Travis McMichael, his father Gregory McMichael and their neighbor William “Roddie” Bryan are scheduled to again appear before Judge Timothy Walmsley, the judge who presided over their state trial, on Friday, January 7, at 10 a.m.
The hearing will be held in the Glynn County Courthouse in Brunswick, Georgia, the same courthouse where the men were convicted in November.
The McMichaels and Bryan are currently being held in the Glynn County Detention Center, where they are also awaiting trial on separate federal hate crime charges, stemming from an April 28, 2021, federal grand jury indictment. Jury selection in the federal trial is scheduled to begin on February 7, 2022.
The McMichaels each face an additional charge of using, carrying, brandishing and discharging a firearm during and in relation to a crime of violence. The men have pleaded not guilty.
The November verdict, delivered by nine White women, two White men and one Black man, came after more than 11 hours of deliberation spanning two days. It followed eight days of testimony, involving 23 witnesses.
The McMichaels and Bryan were arrested more than two months after Arbery’s killing in the Satilla Shores neighborhood outside Brunswick.
The men said they believed 25-year-old Arbery, who was Black, had committed a crime. Evidence introduced in the trial showed the men chased Arbery through the streets as he repeatedly tried to elude them. The McMichaels, who were armed, were in one vehicle, while Bryan, who joined while the chase was underway, followed in his own truck, assisting in and recording the chase. Arbery was unarmed and on foot.
Video of the killing showed Travis McMichael exit his truck and confront Arbery before fatally shooting him as the two tussled. McMichael’s father watched from the bed of the truck.
The men pleaded not guilty, with the McMichaels claiming they were conducting a citizen’s arrest and acting in self-defense, and Bryan saying he took no part in the killing.

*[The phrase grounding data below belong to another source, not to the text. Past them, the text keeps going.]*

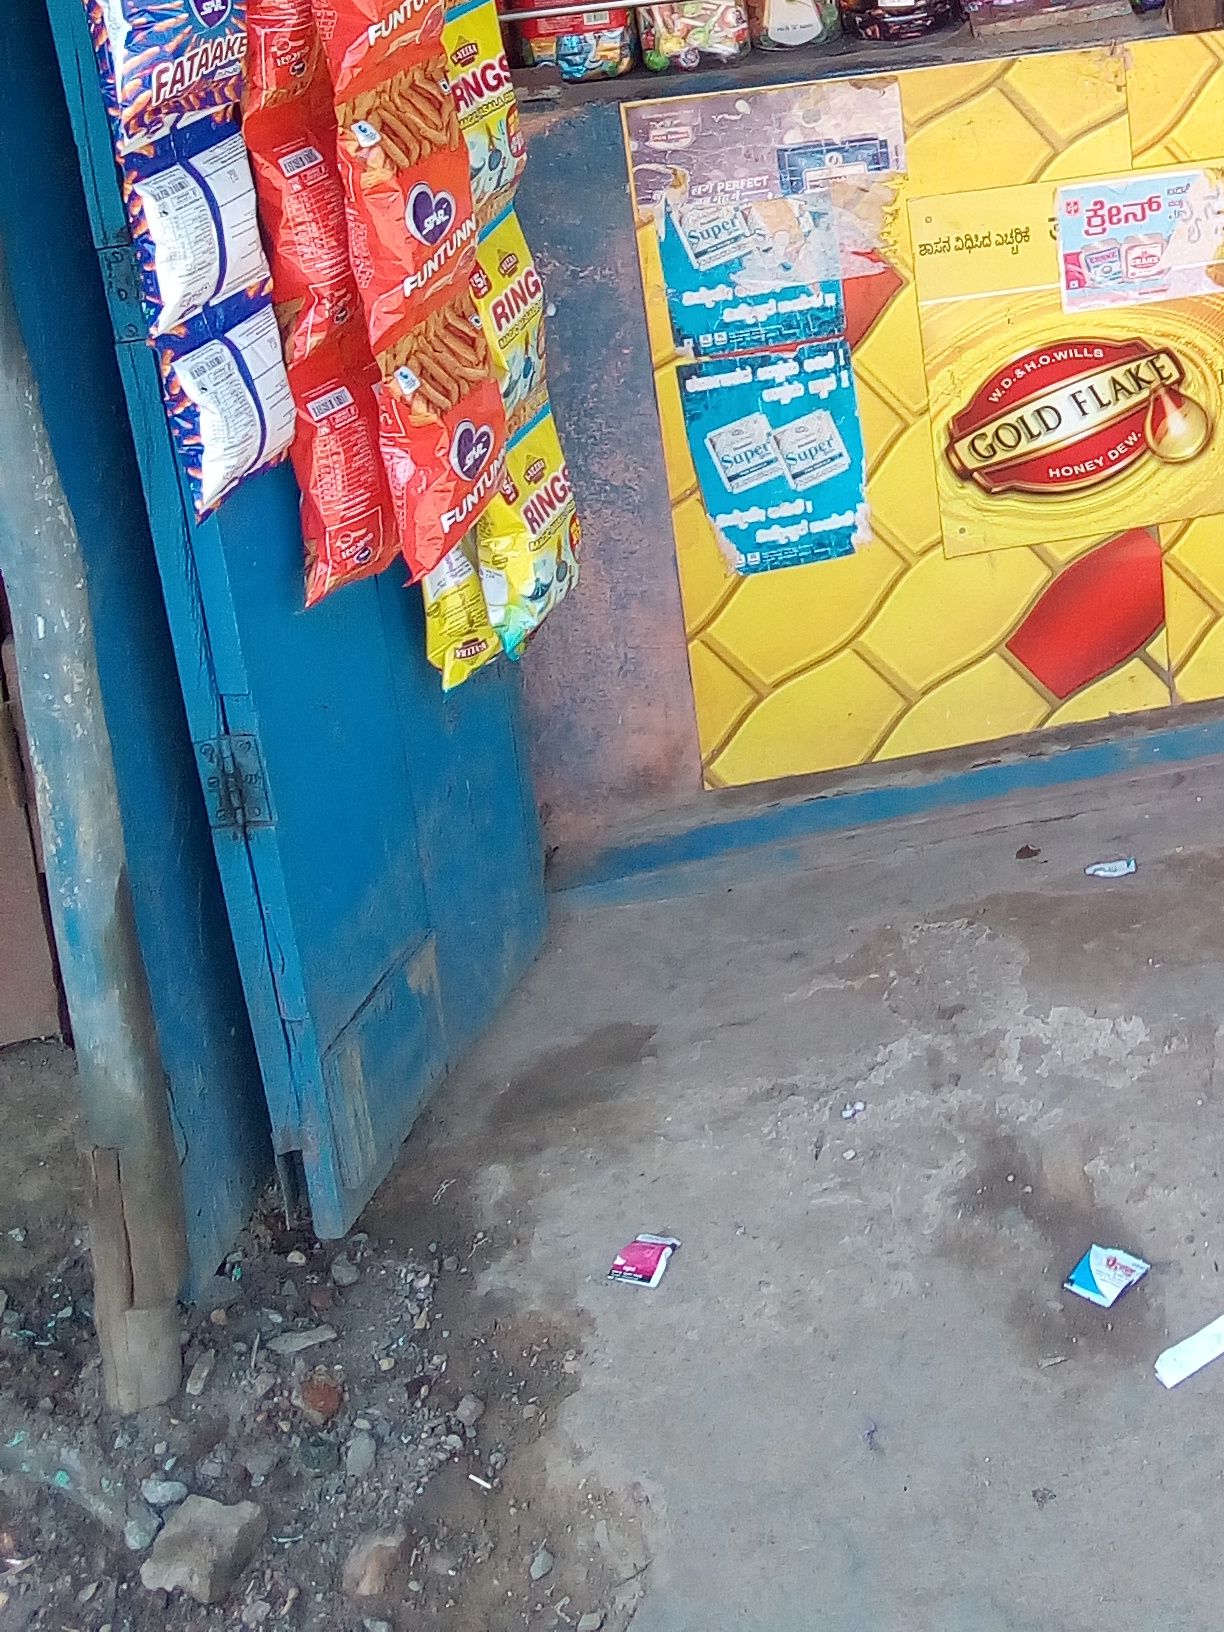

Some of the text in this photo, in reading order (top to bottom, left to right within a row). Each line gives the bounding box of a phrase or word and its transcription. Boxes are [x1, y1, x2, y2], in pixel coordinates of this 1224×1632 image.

[152, 33, 247, 106] FATAAKE
[717, 176, 769, 192] PERFECT
[1084, 195, 1161, 236] ಕ್ರೇನ್
[687, 218, 739, 247] Super
[919, 236, 950, 256] ಶಾಸನ
[954, 231, 992, 254] ವಿಧಿಸಿದ
[994, 226, 1030, 255] ಎಚ್ಚರಿಕೆ
[969, 354, 1173, 462] GOLD FLAKE
[721, 438, 769, 468] Super
[785, 437, 834, 465] Super
[1049, 457, 1105, 479] HONEY

Arbery was on a jog — a common pastime, according to those who knew him — when the McMichaels grabbed their guns and pursued him. Gregory McMichael, a former police officer and ex-investigator in the county prosecutor’s office, told authorities Arbery and his son had struggled over his son’s shotgun and Travis shot Arbery after he was attacked, according to a police report.
The McMichaels were arrested on May 7, 2020, and Bryan was taken into custody two weeks later. The case soon dovetailed with the killings of three Black people — Breonna Taylor in Louisville, Kentucky, George Floyd in Minneapolis and Rayshard Brooks in Atlanta — reigniting concerns over racial injustice and prompting civil unrest nationwide.